━━ Input data ━━
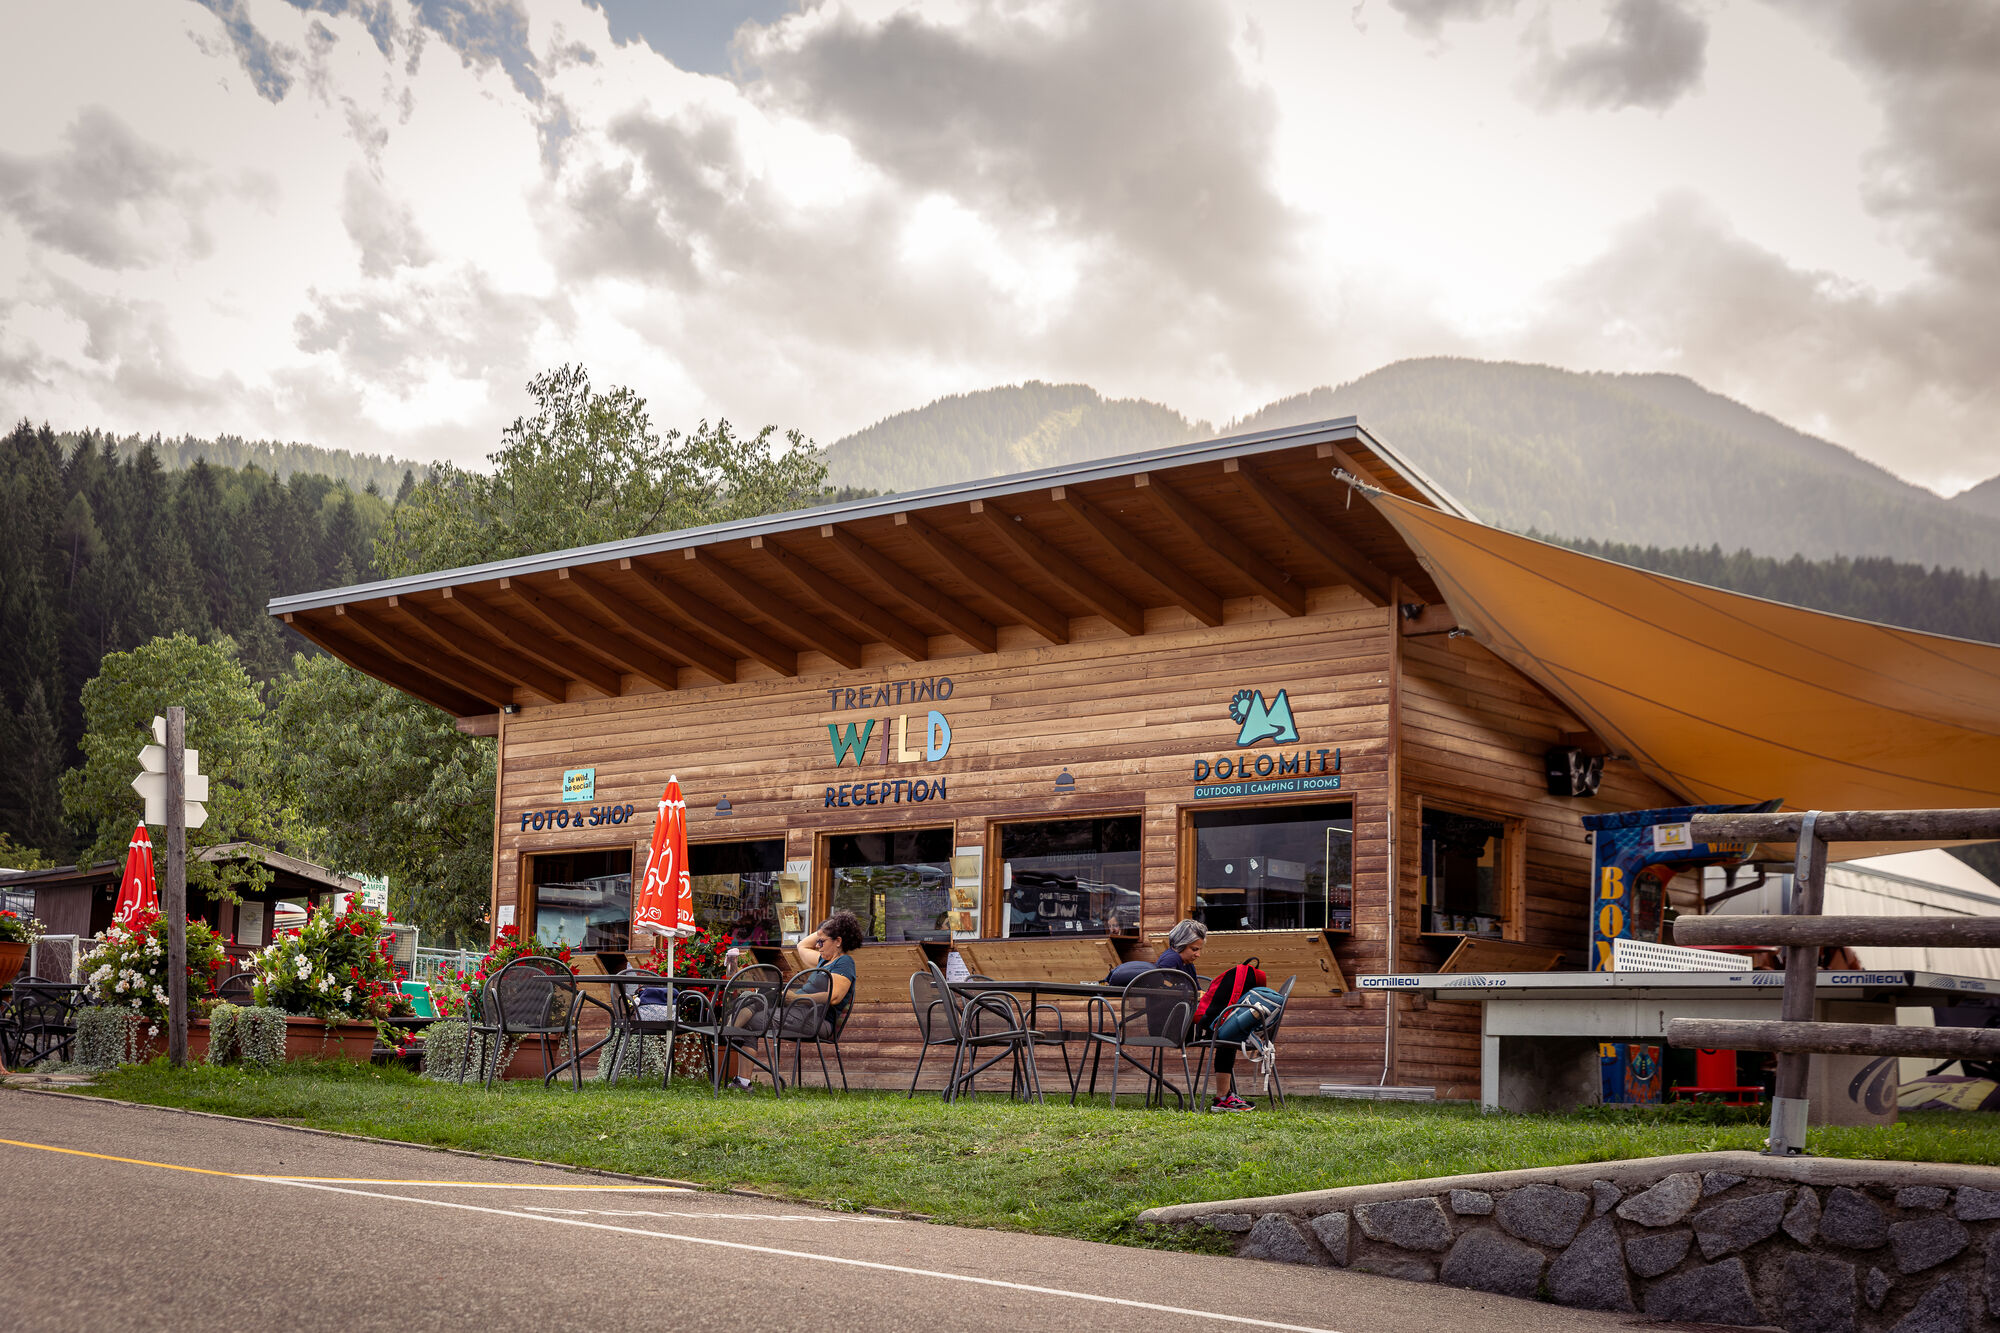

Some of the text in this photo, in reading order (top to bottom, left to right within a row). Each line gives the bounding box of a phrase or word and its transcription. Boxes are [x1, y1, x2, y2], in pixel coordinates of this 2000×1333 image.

[827, 677, 953, 711] TRENTINO
[827, 710, 952, 768] WILD
[1193, 748, 1341, 781] DOLOMITI
[824, 777, 946, 807] RECEPTION
[1196, 777, 1339, 797] OUTDOOR CAMPING ROOMS
[520, 804, 634, 832] FOTO & SHOP
━━━
** Problem **
Quote the material in full and exactly; do not carry over its pictures.

** Result below **
Some of the text in this photo, in reading order (top to bottom, left to right within a row). Each line gives the bounding box of a phrase or word and its transcription. Boxes are [x1, y1, x2, y2], in pixel coordinates of this 2000×1333 image.

[827, 677, 953, 711] TRENTINO
[827, 710, 952, 768] WILD
[1193, 748, 1341, 781] DOLOMITI
[824, 777, 946, 807] RECEPTION
[1196, 777, 1339, 797] OUTDOOR CAMPING ROOMS
[520, 804, 634, 832] FOTO & SHOP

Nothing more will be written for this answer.